There were many photo ops of the mother shoving the dragonflies into the beaks of the young.  The three chicks fledged on the morning of July first.
Mother Kingbird inserting dragonfly into the mouth of a chick, Mystic Lakes.  Photo by John Harrison.
The three Kingbird hatchlings, Mystic Lakes.  Photo by John Harrison.
Usually Kingbirds build their nests higher in trees so having this close access to this species for a nesting season was especially rewarding.  

  While watching the Kingbird nest,  we also saw a few Wood Duck families in the lake.  There were only adult females of the species with the young. The male Wood Ducks are not usually seen in the summer.
Wood Duck female and ducklings, Mystic Lakes.  Photo by John Harrison. 
Wood Duck female and ducklings, Mystic Lakes.  Photo by John Harrison.   Also on the lakes during this time were the ever-present Swans and cygnets.  We only counted four cygnets when we saw them day after day.
Swan and cygnets, Mystic Lakes.  Photo by John Harrison.
They probably started with at least double that amount of cygnets, but these young swans are vulnerable to predators, especially Red-tailed Hawks.  By the time these cygnets are large enough to no longer be so vulnerable, half of them are gone.

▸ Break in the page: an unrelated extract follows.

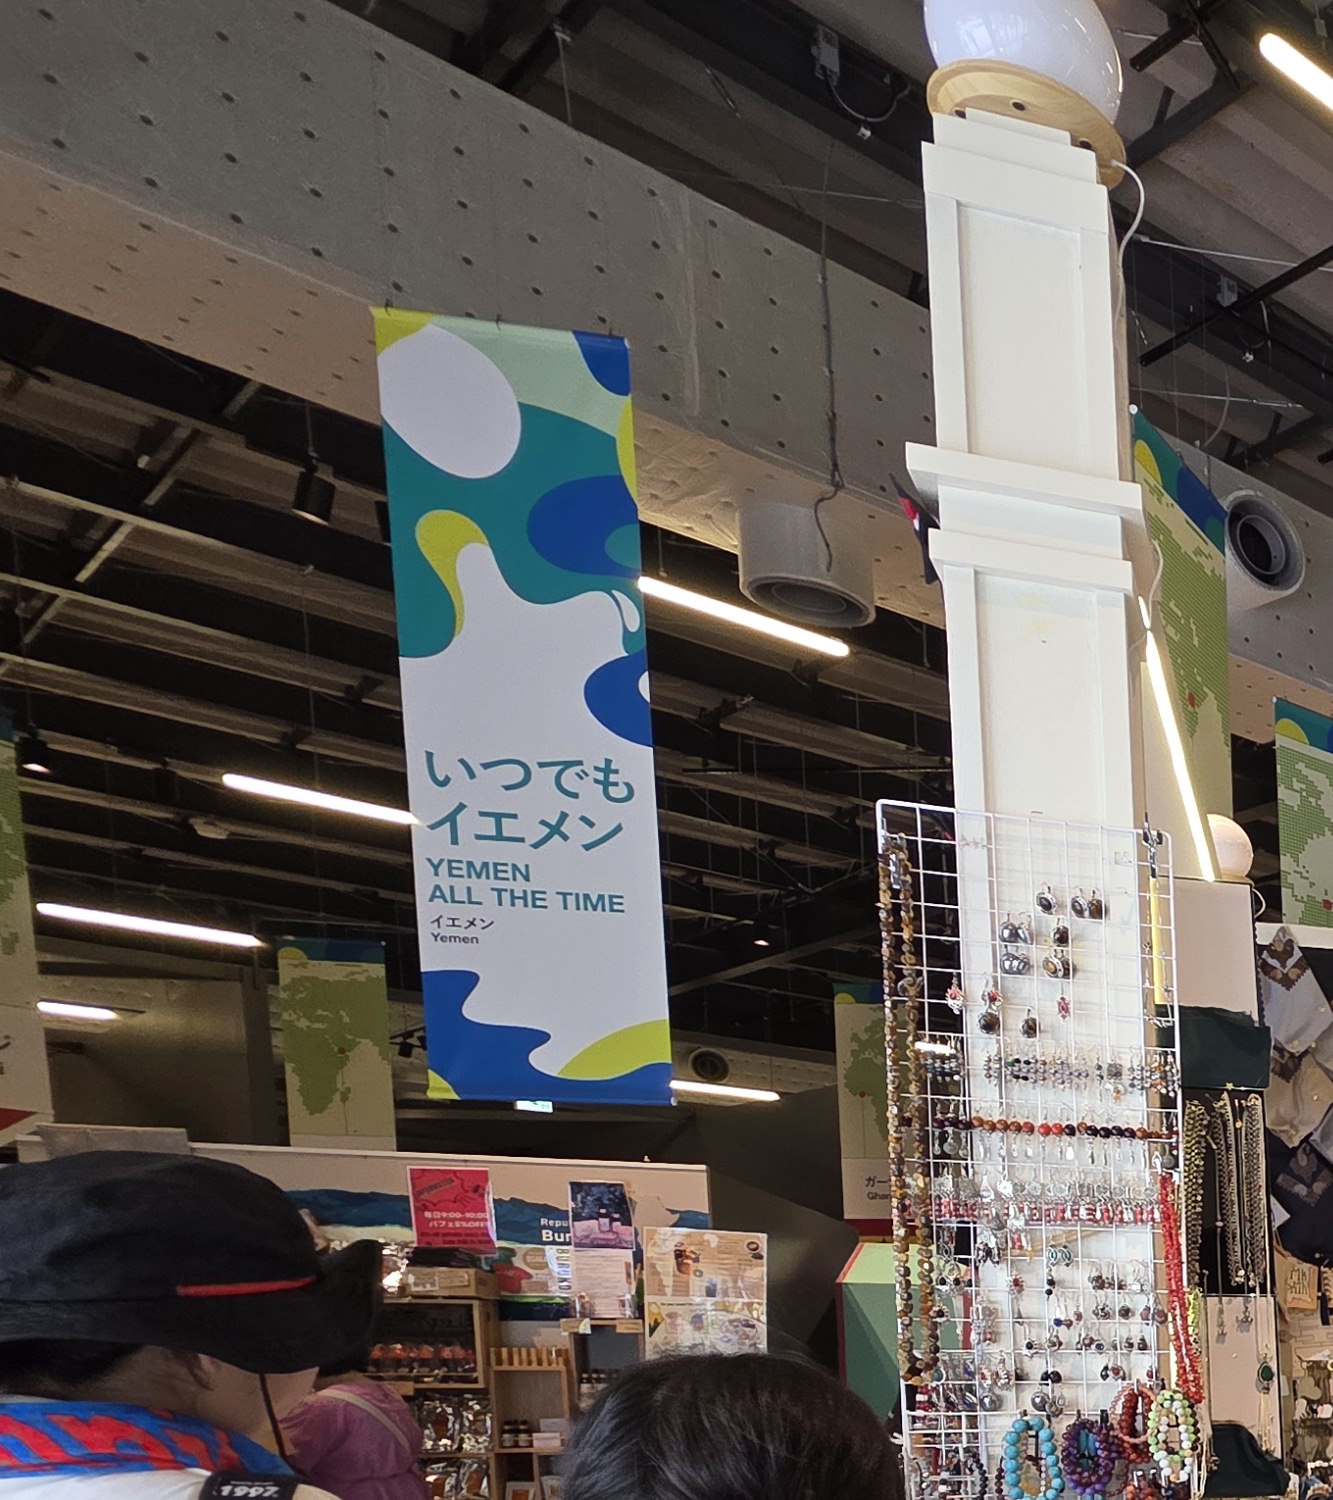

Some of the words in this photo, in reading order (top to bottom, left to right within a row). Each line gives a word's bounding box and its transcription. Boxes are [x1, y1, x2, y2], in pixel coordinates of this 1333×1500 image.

  The Osprey nest in Lynn that we have been following for the past few years is back in action.  It’s amazing that this pair of Ospreys find their way from wherever in the south they spend their winters to this needle-in-a-haystack nest in Lynn.   We often wonder how they do it. They don’t have WAZE or any other GPS ability that we understand.  Yet they are back year after year.  There are theories about how they do this, but the mystery remains.  This wonderful Lynn Osprey pair that have brought so many chicks into the world through the years are back with us and have had, it seems so far, two chicks.  I was there on the morning of July 4th and saw both chicks for the first time.  They were just able to stand up.  A bit wobbly, but that will change fast.

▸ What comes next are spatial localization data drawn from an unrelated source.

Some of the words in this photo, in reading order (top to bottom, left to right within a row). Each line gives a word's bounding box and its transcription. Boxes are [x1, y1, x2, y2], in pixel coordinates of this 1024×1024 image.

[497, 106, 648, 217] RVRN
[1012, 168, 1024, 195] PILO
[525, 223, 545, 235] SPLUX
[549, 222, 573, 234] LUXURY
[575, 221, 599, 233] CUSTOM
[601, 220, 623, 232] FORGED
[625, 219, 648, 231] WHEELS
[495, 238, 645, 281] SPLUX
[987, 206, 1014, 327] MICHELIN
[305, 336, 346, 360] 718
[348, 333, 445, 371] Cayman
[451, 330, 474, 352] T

Mother Osprey and two chicks, Lynn.  Photo by John Harrison.
These birds grow quickly and within a week of my first glimpse of the two of them, I’m sure they will be standing and flapping their wings and calling for mom and dad to bring fish.  We should be able to enjoy this Osprey family well into August.  I was fortunate enough to witness the male Osprey bring in a fish for his kids a couple of times.
Father Osprey coming to the nest with a fish, Lynn.  Photo by John Harrison.
Father Osprey landing at nest with fish, mother to the right, Lynn.  Photo by John Harrison.
And it was a joy watching mom feed them.
  Every June at Ipswich River Audubon in Topsfield the magic Mullberry Tree explodes with fruit. This brings a multitude of birds to the tree for the few weeks that the berries remain.  We spend hour after hour watching Red-bellied Woodpeckers,
Red-bellied Woodpecker on Mulberry Tree, Ipswich River Audubon.  Photo by John Harrison.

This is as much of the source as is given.